**Required action**: Copy every entry below exactly, and keep out the pictures.

BEGIN Entries provided

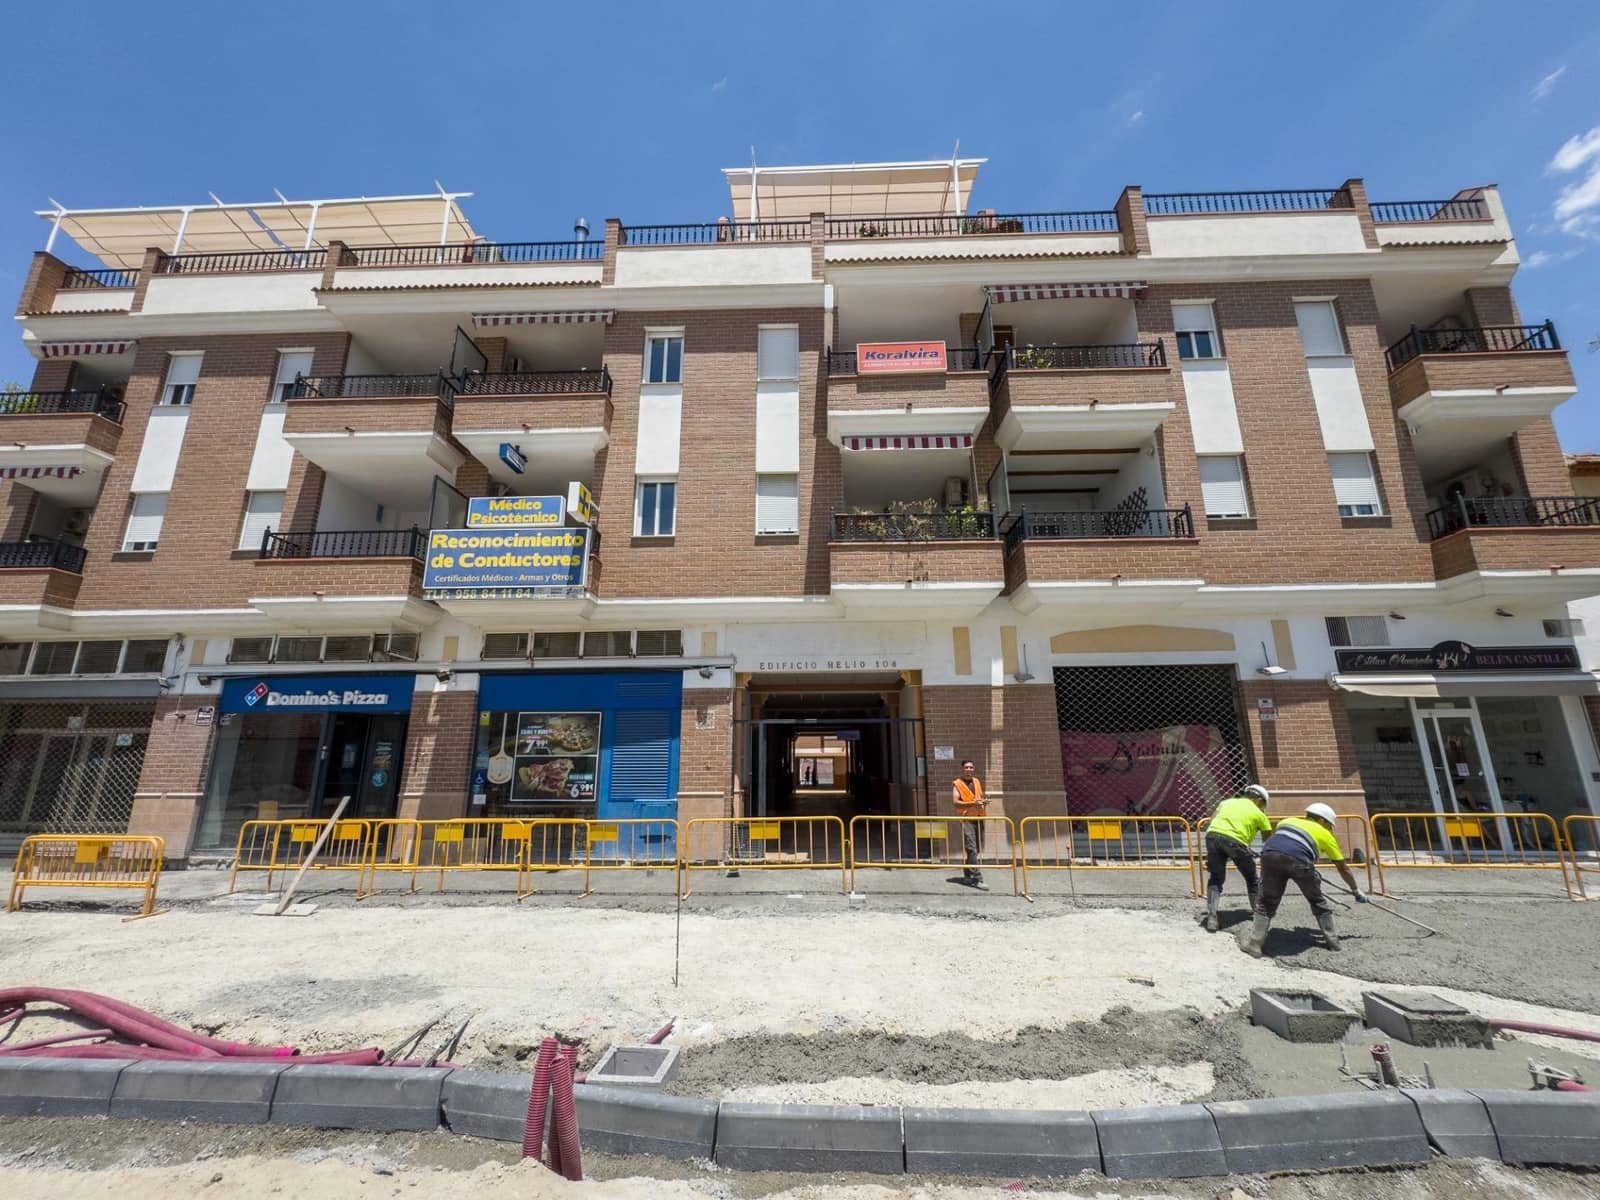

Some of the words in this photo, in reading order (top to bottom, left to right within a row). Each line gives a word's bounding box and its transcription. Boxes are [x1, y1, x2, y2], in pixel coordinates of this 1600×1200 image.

[865, 347, 939, 360] Koralvira
[489, 499, 542, 511] Médico
[470, 511, 558, 523] Psicotécnico
[431, 532, 584, 549] Reconocimiento
[431, 553, 454, 568] de
[459, 552, 581, 568] Conductores
[434, 574, 480, 583] Certificados
[481, 573, 513, 582] Médicos
[519, 574, 545, 582] Armas
[551, 574, 574, 582] Otros
[455, 589, 477, 599] 958
[481, 588, 497, 599] 84
[502, 589, 512, 599] 11
[516, 588, 531, 599] 84
[759, 661, 817, 670] EDIFICIO
[827, 661, 866, 669] HELIO
[266, 690, 341, 706] Domino's
[342, 689, 389, 705] Pizza
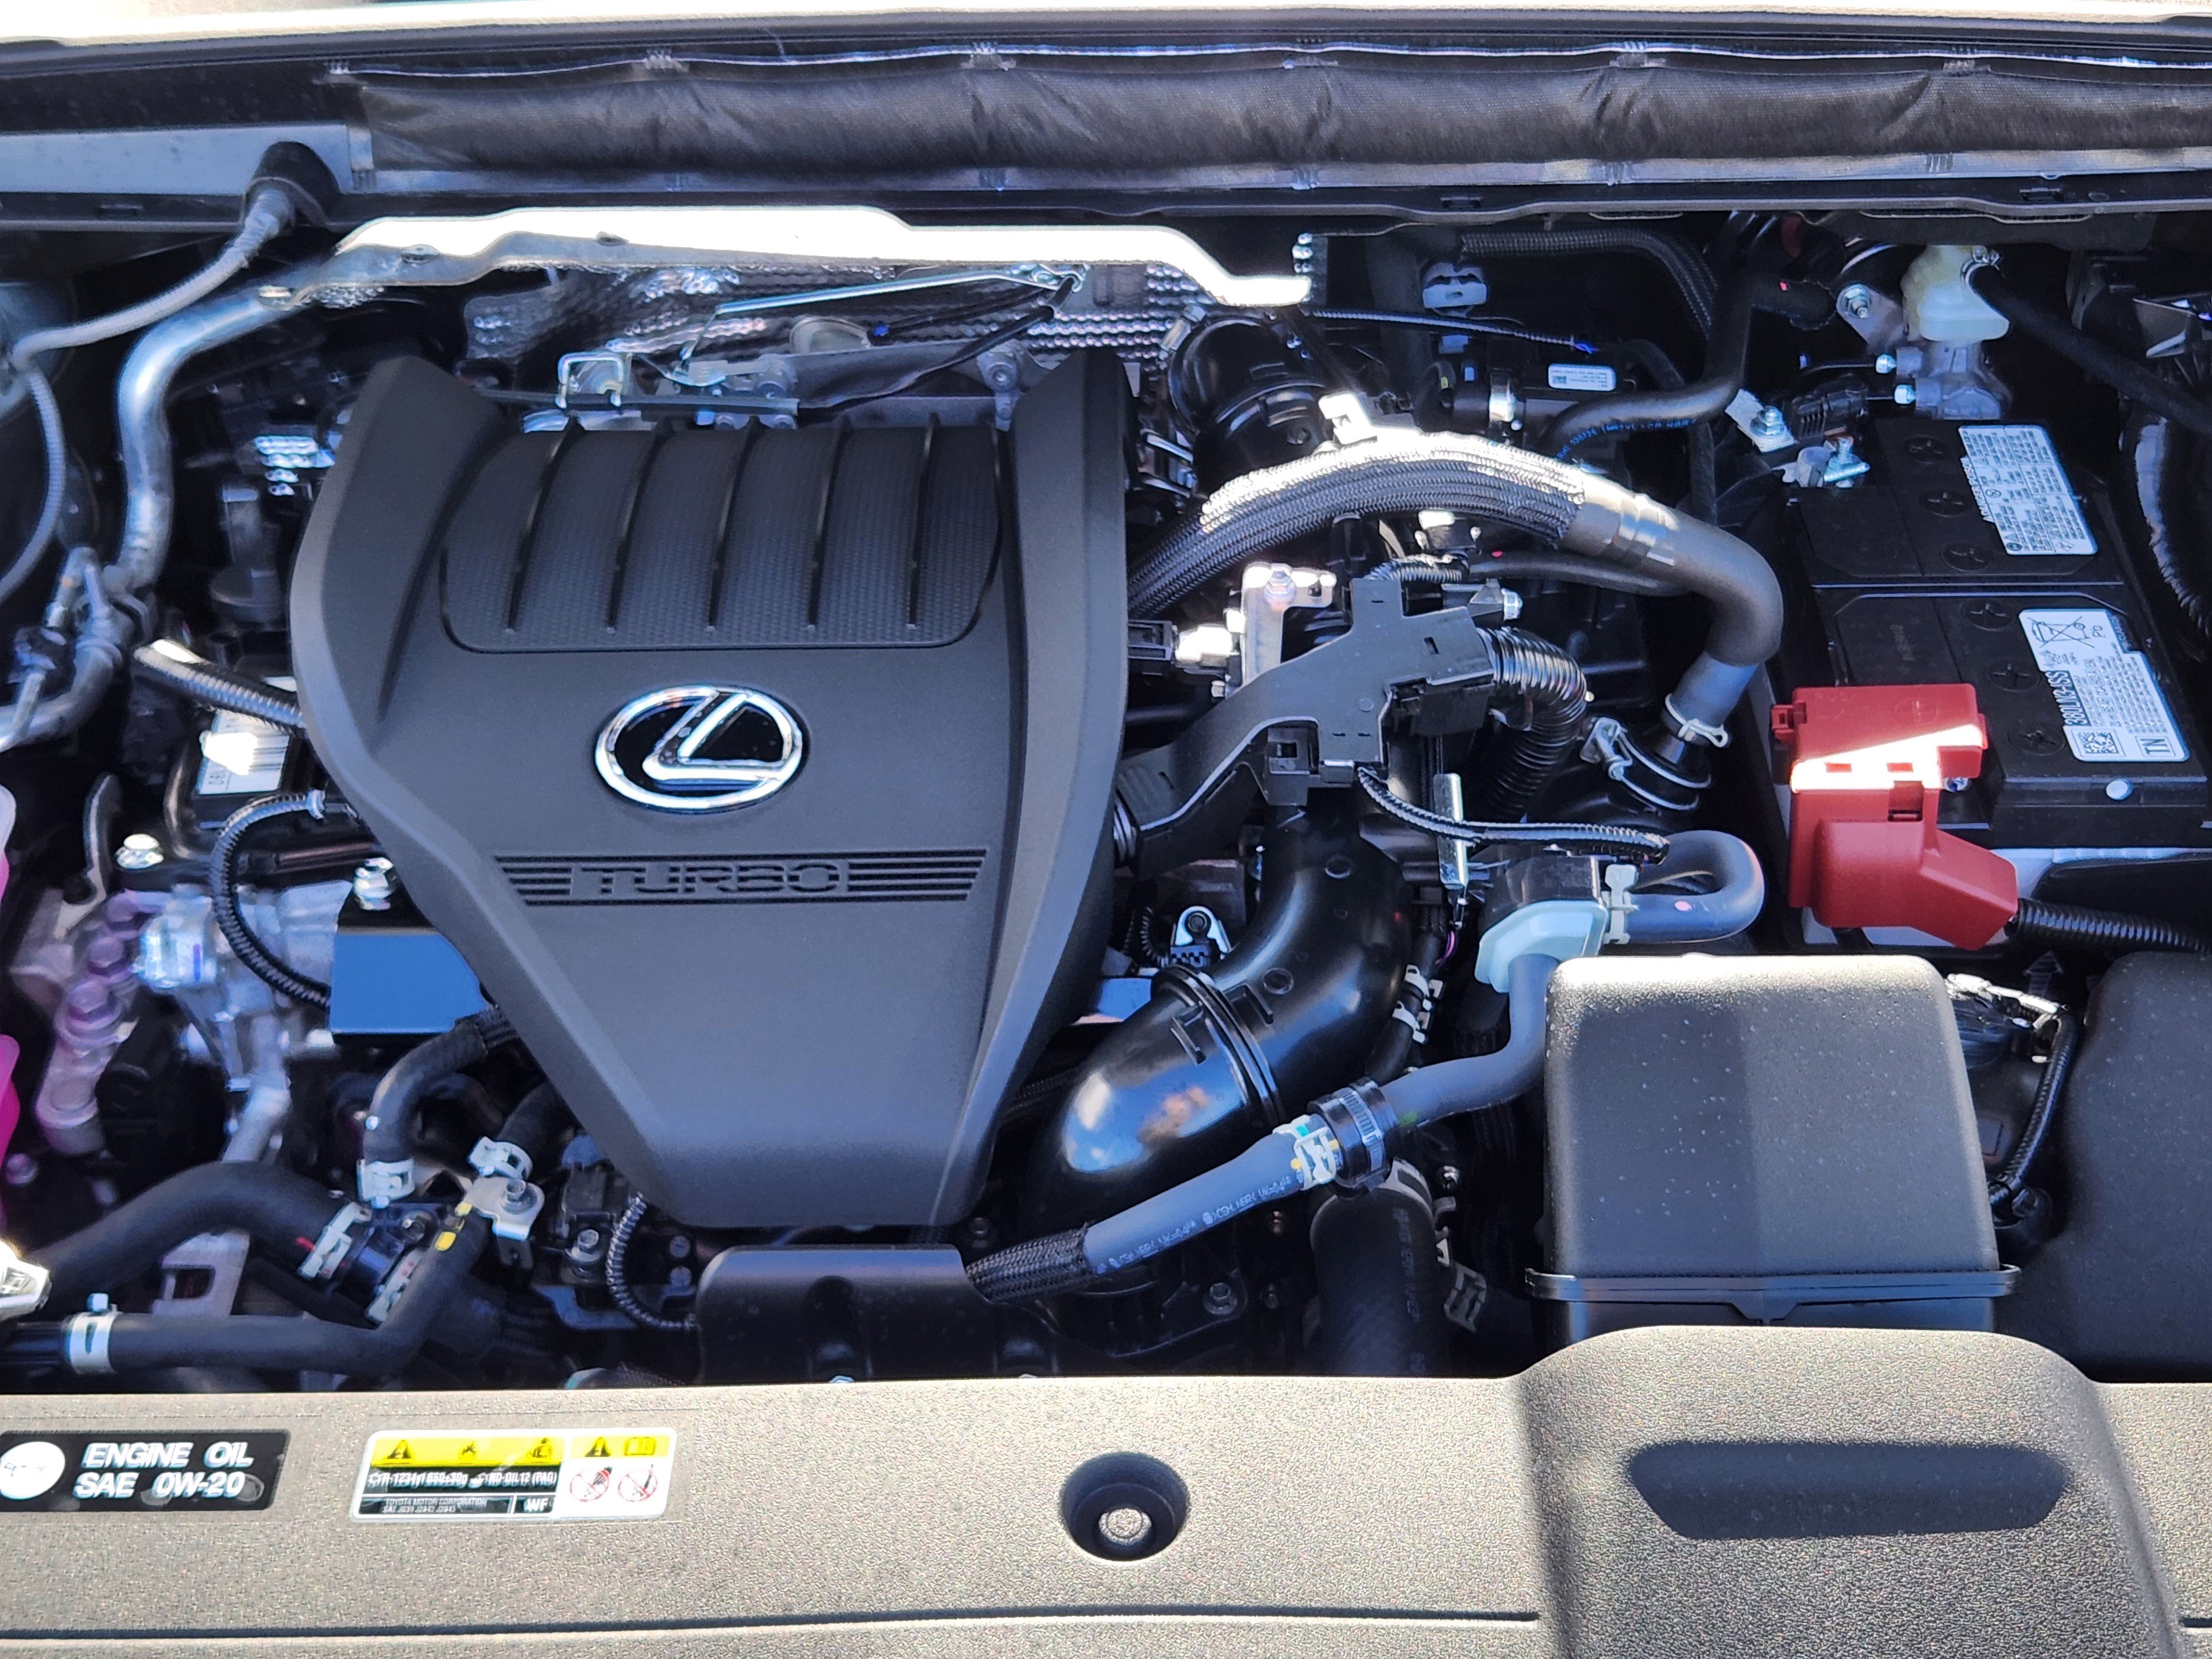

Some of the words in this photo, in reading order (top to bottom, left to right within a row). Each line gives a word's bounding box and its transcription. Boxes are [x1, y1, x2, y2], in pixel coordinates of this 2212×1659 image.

[2045, 671, 2088, 726] 380LN3-ISS
[2140, 738, 2170, 755] TN
[581, 863, 840, 894] TURBO
[82, 1442, 194, 1468] ENGINE
[204, 1442, 254, 1468] OIL
[73, 1472, 139, 1498] SAE
[153, 1471, 246, 1498] 0W-20

END Entries provided

**Answer for the task**:
Some of the words in this photo, in reading order (top to bottom, left to right within a row). Each line gives a word's bounding box and its transcription. Boxes are [x1, y1, x2, y2], in pixel coordinates of this 1600×1200 image.

[865, 347, 939, 360] Koralvira
[489, 499, 542, 511] Médico
[470, 511, 558, 523] Psicotécnico
[431, 532, 584, 549] Reconocimiento
[431, 553, 454, 568] de
[459, 552, 581, 568] Conductores
[434, 574, 480, 583] Certificados
[481, 573, 513, 582] Médicos
[519, 574, 545, 582] Armas
[551, 574, 574, 582] Otros
[455, 589, 477, 599] 958
[481, 588, 497, 599] 84
[502, 589, 512, 599] 11
[516, 588, 531, 599] 84
[759, 661, 817, 670] EDIFICIO
[827, 661, 866, 669] HELIO
[266, 690, 341, 706] Domino's
[342, 689, 389, 705] Pizza

Some of the words in this photo, in reading order (top to bottom, left to right within a row). Each line gives a word's bounding box and its transcription. Boxes are [x1, y1, x2, y2], in pixel coordinates of this 2212×1659 image.

[2045, 671, 2088, 726] 380LN3-ISS
[2140, 738, 2170, 755] TN
[581, 863, 840, 894] TURBO
[82, 1442, 194, 1468] ENGINE
[204, 1442, 254, 1468] OIL
[73, 1472, 139, 1498] SAE
[153, 1471, 246, 1498] 0W-20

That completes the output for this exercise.